Denzil had a longing desire to do something brilliant, that he might shine in the estimation of Rose Trecarrel. With the combined vanity and diffidence natural to a young man, he sometimes flattered himself that his handsome uniform might regain him favour in her eyes, if no other merit, mental or physical, did so; but in that he reckoned without his host, for Rose was too much accustomed to see regimentals about her—the scarlet of the Queen's troops, the silver grey of the Indian cavalry, the blue and gold of the artillery, and the quaint, half-oriental splendour of the irregular horse. As a flirt she preferred the scarlet, and, perhaps, as one with an eye to a good marriage, the sombre black swallow-tail of the C.S.

With all her constitutional coquetry, she was not without a certain emotion, of compunction at times for the part she had played with Denzil. Of all the admirers she possessed, he had seemed the most earnest, the most bewildered by her beauty, and the most true; but then, as she said to Mabel, "he was so young, and, poor fellow, only a subaltern, so what did it matter in the long run, a little trifling with him, when it amused her, and Cabul had been so dull."

"Going to India to be married," said Mabel, "of course means going there to be married well. Trevelyan is only a subaltern, too."

"But the son and heir of Lord Lamorna; so one may cast one's hawks at him."

"And Polwhele is only a subaltern."

"But with a place that spreads from Cornwall into Devonshire. I shall not make a fool of myself, Mab—yet I shall marry for love, and love only, if I marry at all," said Rose, as her white fingers wreathed up the shining ripples of her hair before retiring for the night.

"Going out" was then one of the matrimonial institutions of Anglo-Indian society; but the P. and O. liners, with the Overland Route, have knocked that institution on the head, or nearly so.

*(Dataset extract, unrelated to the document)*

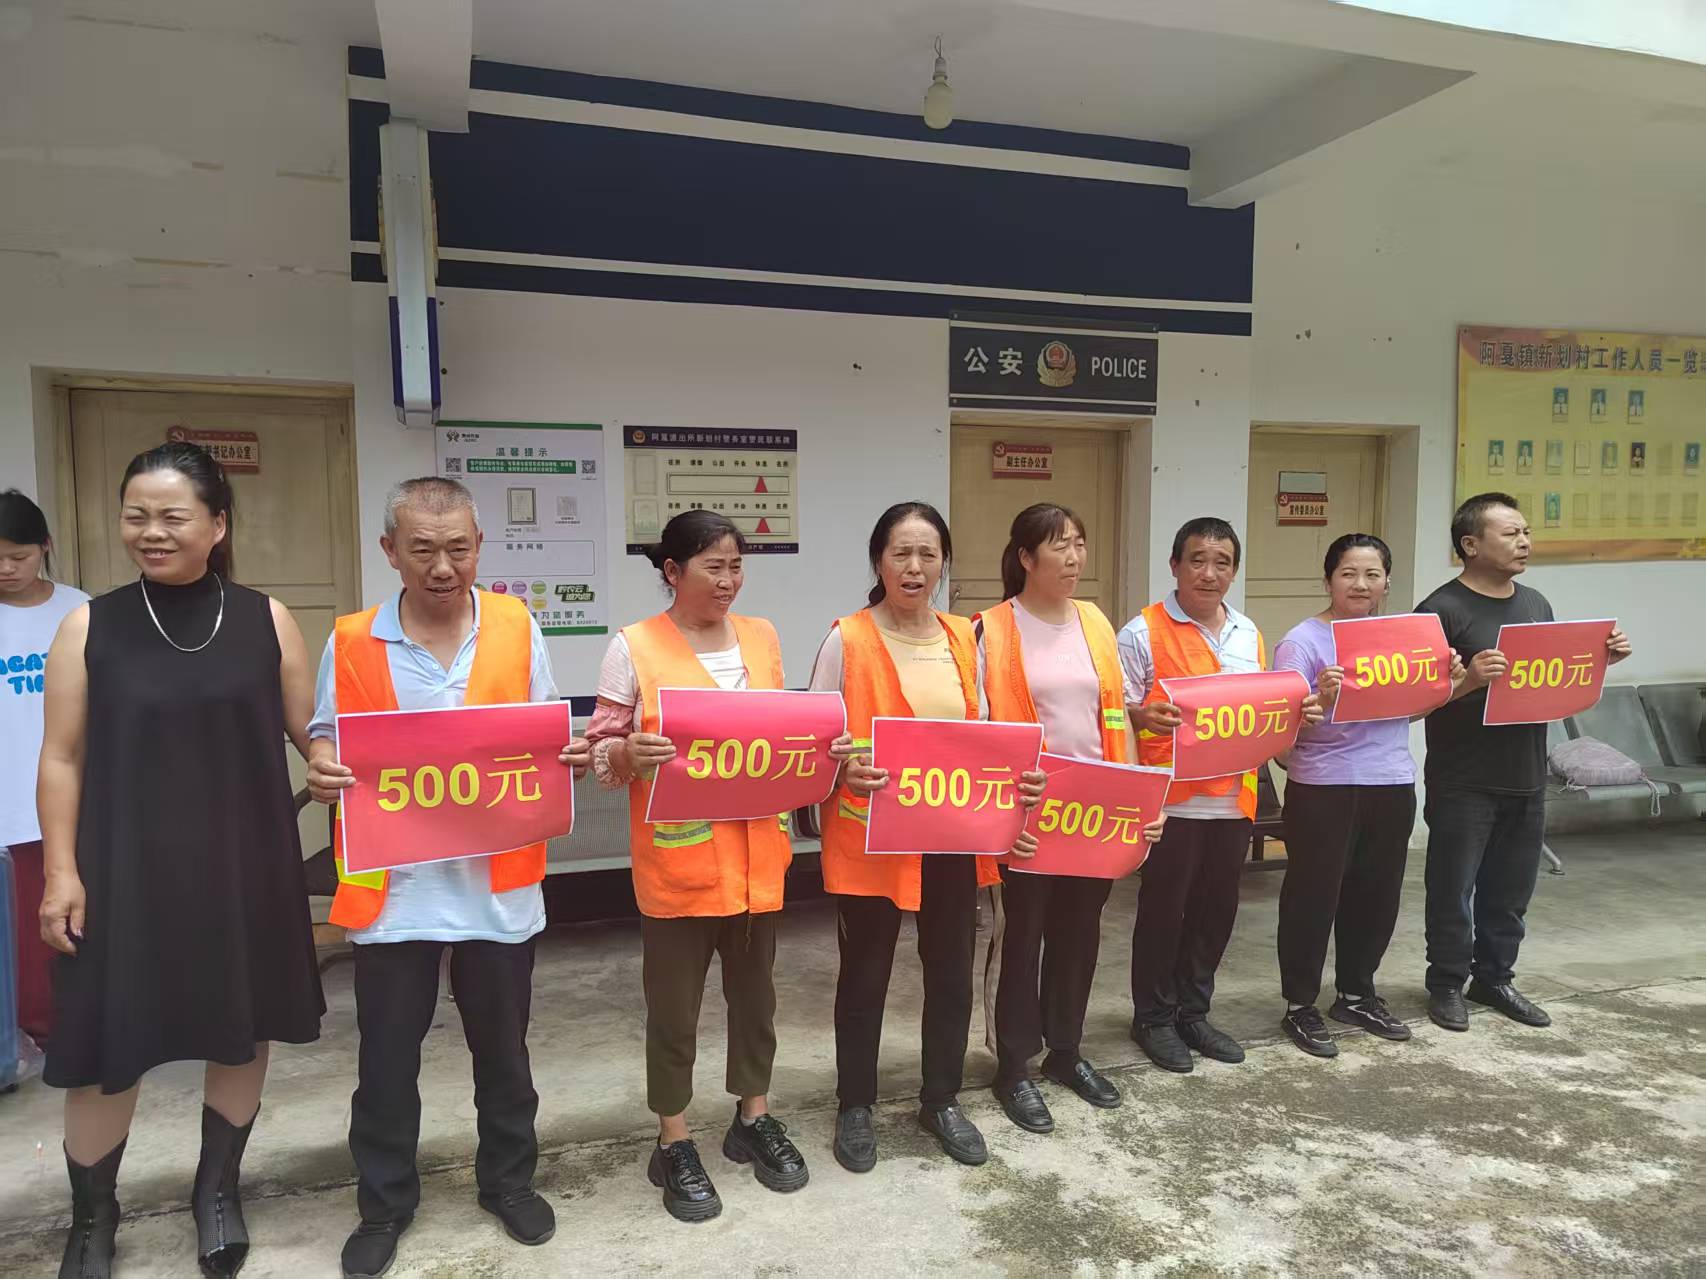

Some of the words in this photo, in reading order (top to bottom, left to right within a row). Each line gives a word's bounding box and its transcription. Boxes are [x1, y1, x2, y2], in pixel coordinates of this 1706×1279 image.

"I told you how it would be, old fellow," said Polwhele to Denzil, who was sad and sombre; "she affects Trevelyan now, and we are all at a discount now, even the cavalry men."

"But Trevelyan has come back to India a lord's son, and is on papa's staff. A deuced fine thing it must be to wake up some morning and find oneself famous in that fashion," said Burgoyne of the 37th, ignorant of how galling his remarks were to Denzil.

And so several days of constant excitement were passed in the cantonments, yet no definite plan as to the future was formed, whether to risk a retreat through Khyber Pass, or throw the whole force into the Bala Hissar, and defend it to the last gasp, as more than once General Trecarrel had urged at the council of war, but urged in vain.